Non, pas les producteurs et éditeurs, car nous pensons le Daily comme un podcast avant tout. Mais deux personnes au journal ont pour mission de monter la version radio à partir de l’épisode publié le jour-même. Elles doivent le réduire à 20 minutes, puis l’envoyer aux radios dans l’après-midi.

Vous avez un process extrêmement collaboratif et bien organisé, combien de membres comporte l’équipe du Daily ?

Il n’y a pas de chiffre exact, car les gens vont et viennent en fonction des projets audios au sein du New York Times. Une personne sur Twitter a compté récemment tous les noms énoncés dans les crédits, et il y en avait 46, comprenant notamment toutes les personnes à la technique. Mais sur l’éditorial seul, c’est-à-dire les présentateurs, les éditeurs et les producteurs, nous sommes entre 30 et 40 personnes. Tout le monde ne travaille pas sur chaque épisode du Daily, il y a des rotations. Au départ du podcast, ce n’était pas le cas. L’équipe était plus réduite et nous étions investis sur chaque numéro. Nous nous retrouvions dans la même petite pièce chaque jour… et puis l’équipe a grandi, bien trop vite pour l’espace dont nous disposions. Nous devions parfois nous assoir par terre. Puis nous avons déménagé dans une plus grande pièce, et aujourd’hui nous faisons tout sur Google Hangouts. Je pense que plus aucune pièce dans le bâtiment ne pourrait toutes et tous nous accueillir. La construction de l’équipe au fil du temps a permis d’établir une confiance entre nous. C’est crucial dans le cadre de notre travail, qui exige que nous allions vite.

Vous venez d’évoquer Google Hangouts, j’imagine que c’est l’une des conséquences de l’épidémie de Covid-19 sur vos méthodes de travail ?

Oui nous faisons tout en ligne désormais, du brainstorming jusqu’à l’enregistrement. L’équipe s’est répartie à travers le pays, et même au-delà. Au départ nous estimions qu’il nous fallait travailler au même endroit. Et puis nous avons commencé à avoir des membres qui étaient dans les bureaux à Washington. Aujourd’hui, nous avons des gens en Californie, au Texas et même à Londres et Berlin.

L’habillage sonore du podcast revient souvent dans les discussions autour du Daily. Comment en êtes-vous arrivé à ce résultat, du générique jusqu’au bed [son mis en fond par-dessus lequel l’animatrice ou l’animateur parle, NDLR]?

La réflexion autour du générique constitue la matrice de nos choix pour le design sonore. Les différentes versions du morceau montrent qu’il y a eu un vrai travail de composition pour avoir quelque chose d’énergique, mais aussi neutre. Il ne fallait pas que le générique vous rende heureux ou triste. Pour l’illustration sonore, nous travaillions beaucoup au départ avec des banques de sons tierces. Nous étions guidés par nos goûts respectifs, en ayant toujours à l’esprit que le son devait être « neutre ».

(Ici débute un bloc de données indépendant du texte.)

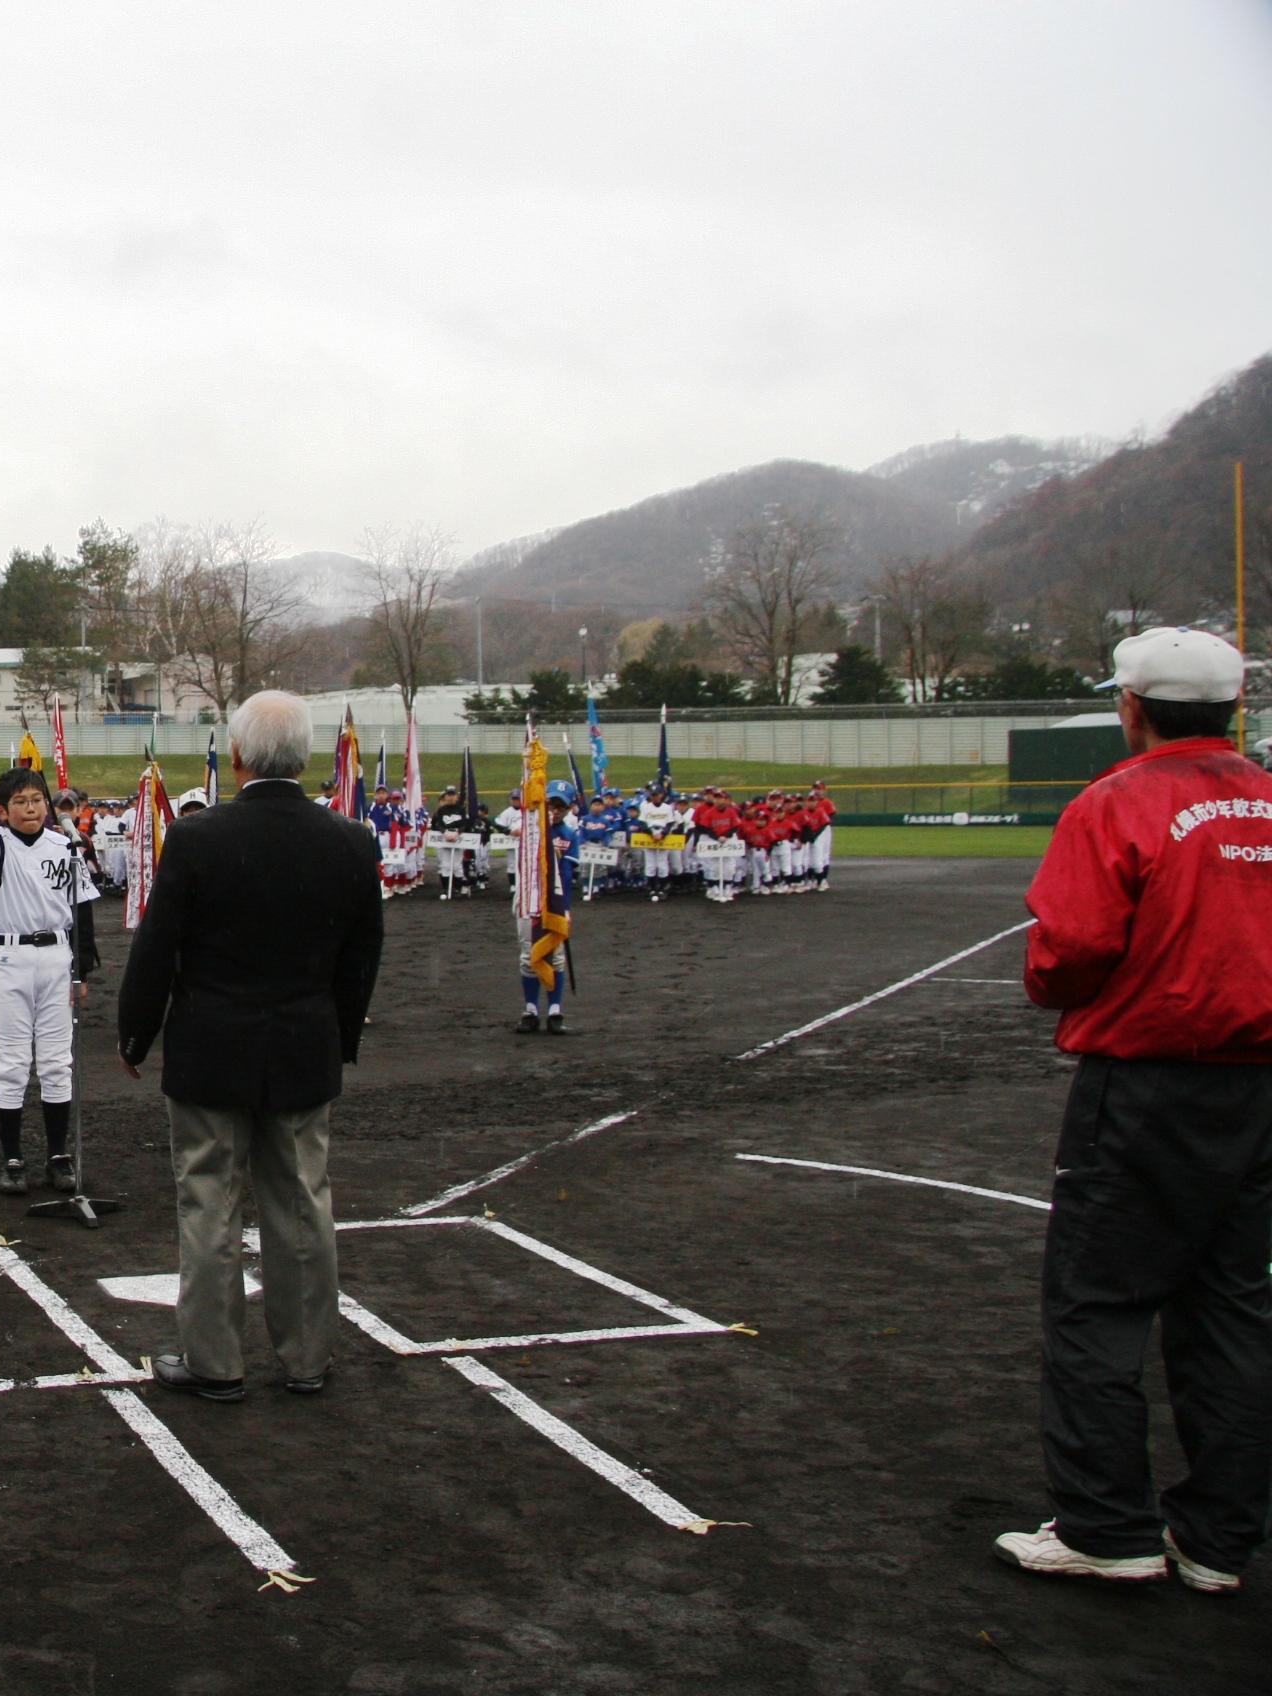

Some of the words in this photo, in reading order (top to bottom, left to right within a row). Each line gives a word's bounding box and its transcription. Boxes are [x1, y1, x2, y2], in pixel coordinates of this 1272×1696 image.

[1170, 798, 1272, 842] 札幌市少年軟式
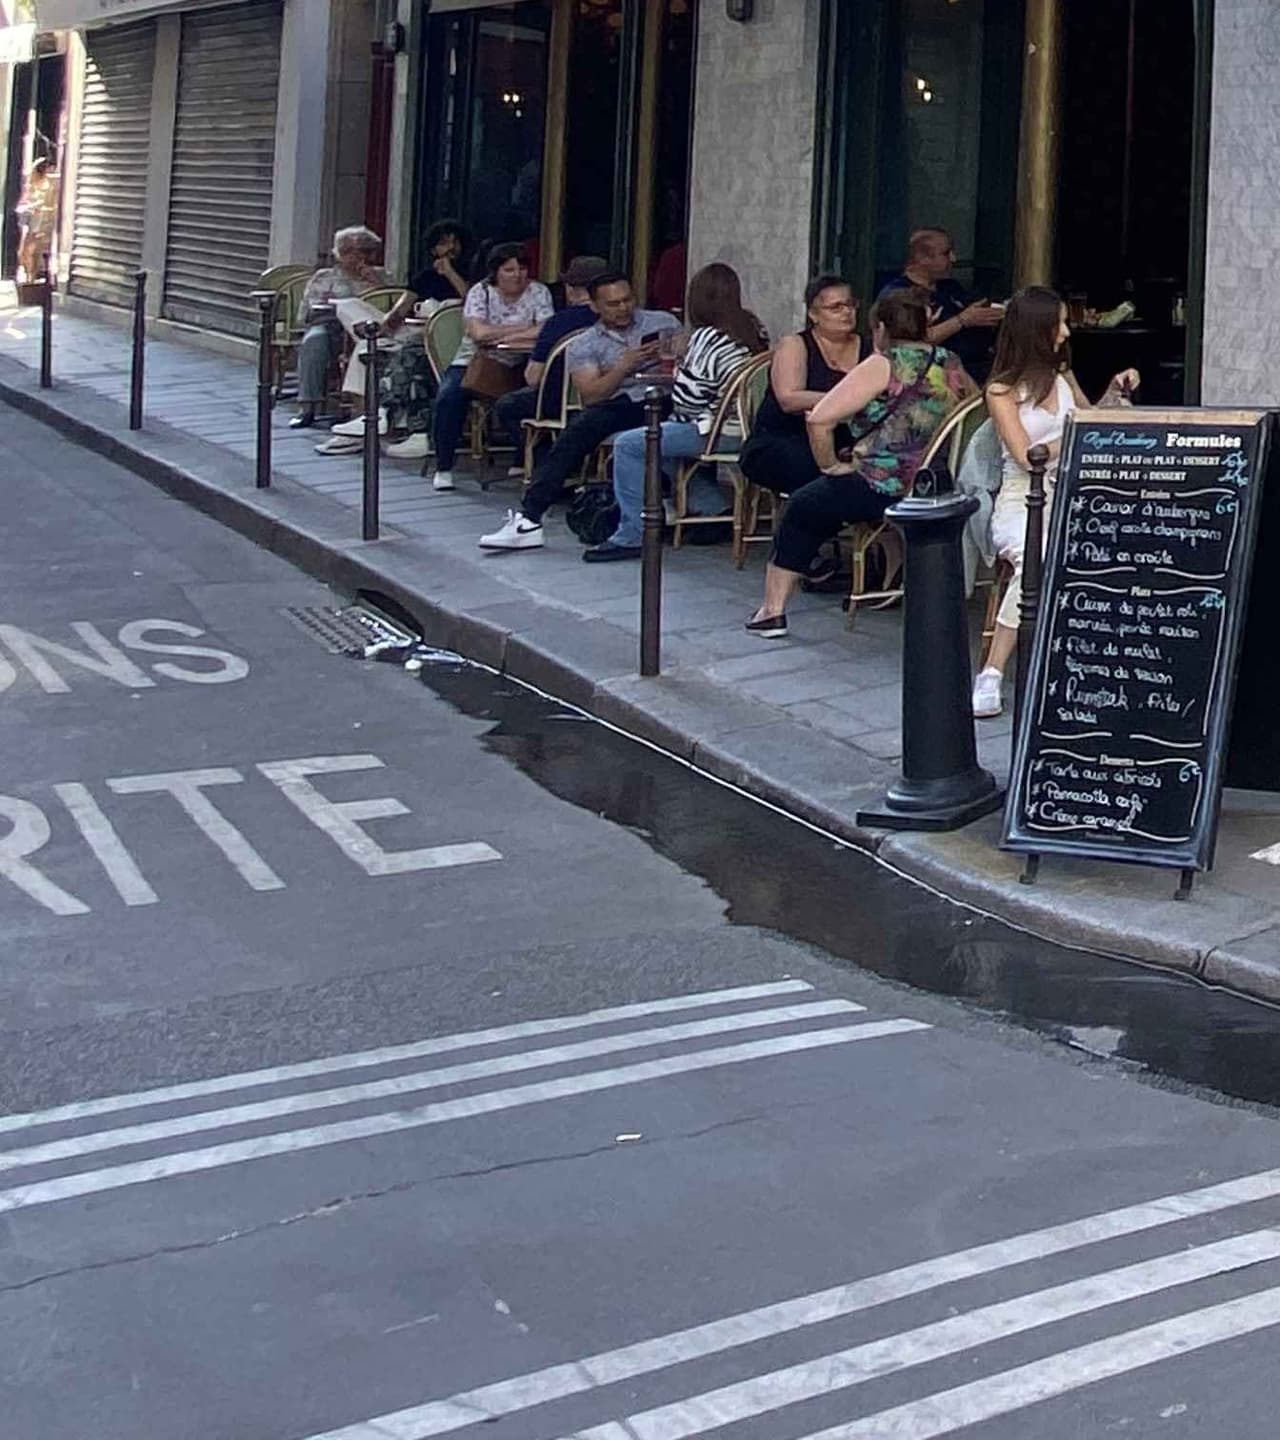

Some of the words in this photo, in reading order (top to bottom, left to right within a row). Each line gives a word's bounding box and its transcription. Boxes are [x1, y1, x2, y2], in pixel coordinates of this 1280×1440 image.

Aujourd’hui, nous avons une équipe de cinq compositeurs maison qui produisent des morceaux pour le podcast. Ils travaillent principalement sur des morceaux pour les épisodes sur lesquels nous passons plusieurs jours, qui sont plus ambitieux. Il y a peu, j’ai travaillé avec notre journaliste Natalie Kitroeff sur un épisode à propos de l’avortement au Mexique, comparé à ce qu’il se passe aux États-Unis. Une semaine avant la publication, j’ai envoyé ce que nous avions fait aux compositeurs, en leur indiquant le ton que nous recherchions et en joignant des exemples de morceaux. Quelques jours plus tard, ils m’ont envoyé la musique qui a fini dans l’épisode.

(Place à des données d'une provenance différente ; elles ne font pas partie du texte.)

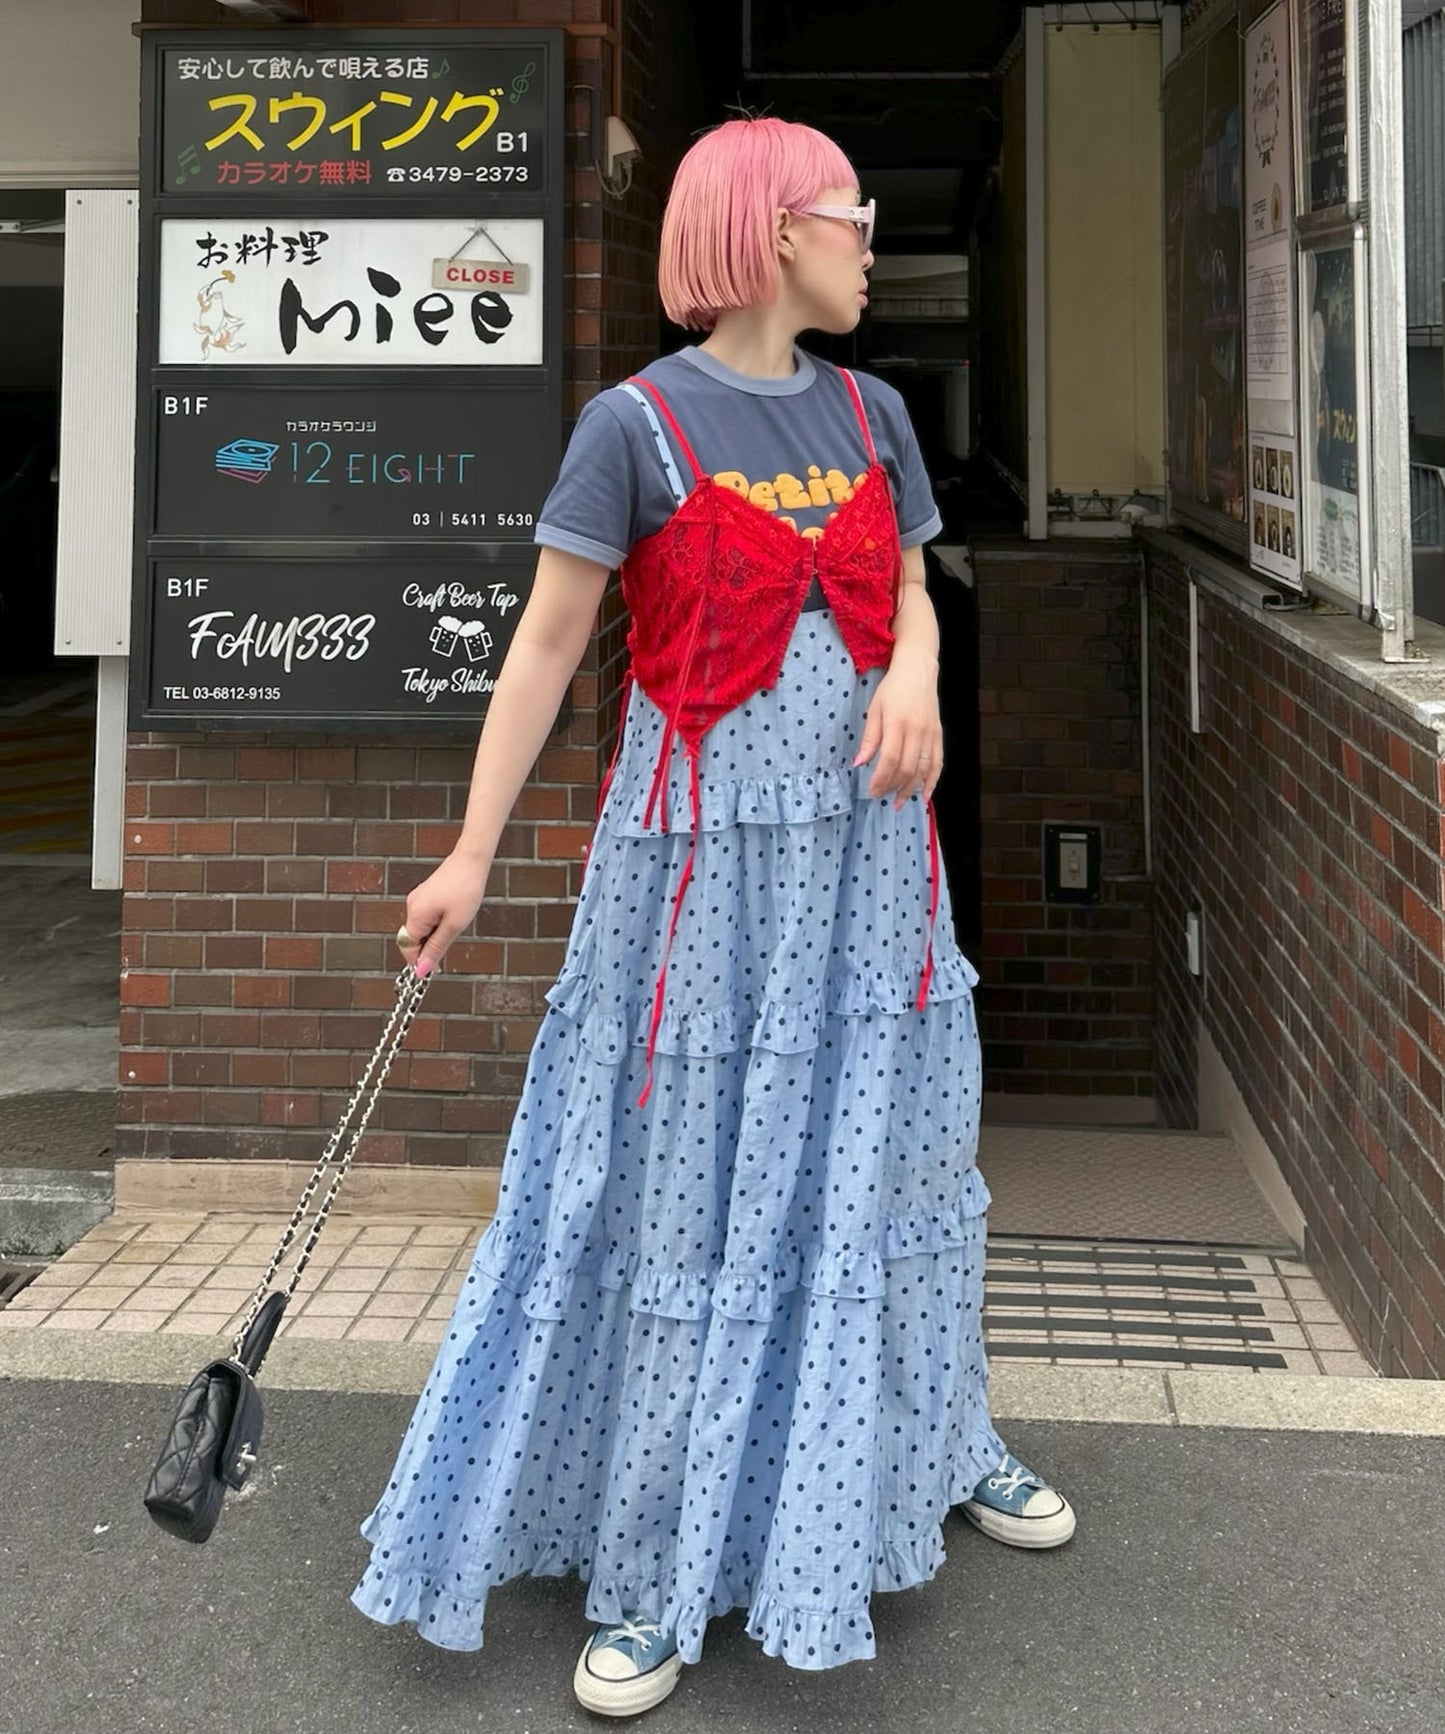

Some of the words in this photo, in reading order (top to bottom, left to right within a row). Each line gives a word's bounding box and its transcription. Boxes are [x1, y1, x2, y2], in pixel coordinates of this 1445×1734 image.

[178, 57, 429, 80] 安心して飲んで唄える店
[205, 87, 504, 151] スウィング
[496, 131, 528, 153] B1
[217, 160, 372, 185] カラオケ無料
[408, 166, 529, 182] 3479-2373
[196, 227, 329, 268] お料理
[446, 267, 515, 284] CLOSE
[164, 396, 209, 415] B1F
[286, 421, 377, 432] カラオケラウンジ
[291, 441, 332, 483] 12
[345, 453, 476, 484] EIGHT
[412, 512, 431, 526] 03
[451, 513, 487, 526] 5411
[497, 513, 533, 526] 5630
[167, 578, 209, 597] B1F
[402, 582, 447, 612] Craft
[447, 582, 485, 607] Beer
[487, 583, 519, 616] Tap
[163, 686, 188, 700] TEL
[192, 686, 281, 700] 03-6812-9135
[401, 667, 449, 703] Tokyo

L'épisode du 17 mai 2022 sur le droit à l'avortement au Mexique

Chaque épisode du Daily est téléchargé quatre millions de fois en moyenne. De nombreux podcasts d’actualité quotidiens se sont créés dans son sillage, avec des formules similaires à chaque fois. Avez-vous été en contact avec des personnes de médias étrangers pour les conseiller ? Comment percevez-vous cette influence ?

Oui j’ai discuté avec de nombreuses personnes qui ont fini par faire leur propre podcast d’actualité, notamment sur le marché international. Elles sont revenues me voir quelques mois après, à la suite de leurs premiers succès. C’est très excitant ! La façon dont nous nous informons se transforme, le podcast joue sur l’intime. Je suis très fière de ce que nous avons réussi à accomplir, c’est selon moi une très bonne manière de partager des informations à un niveau global.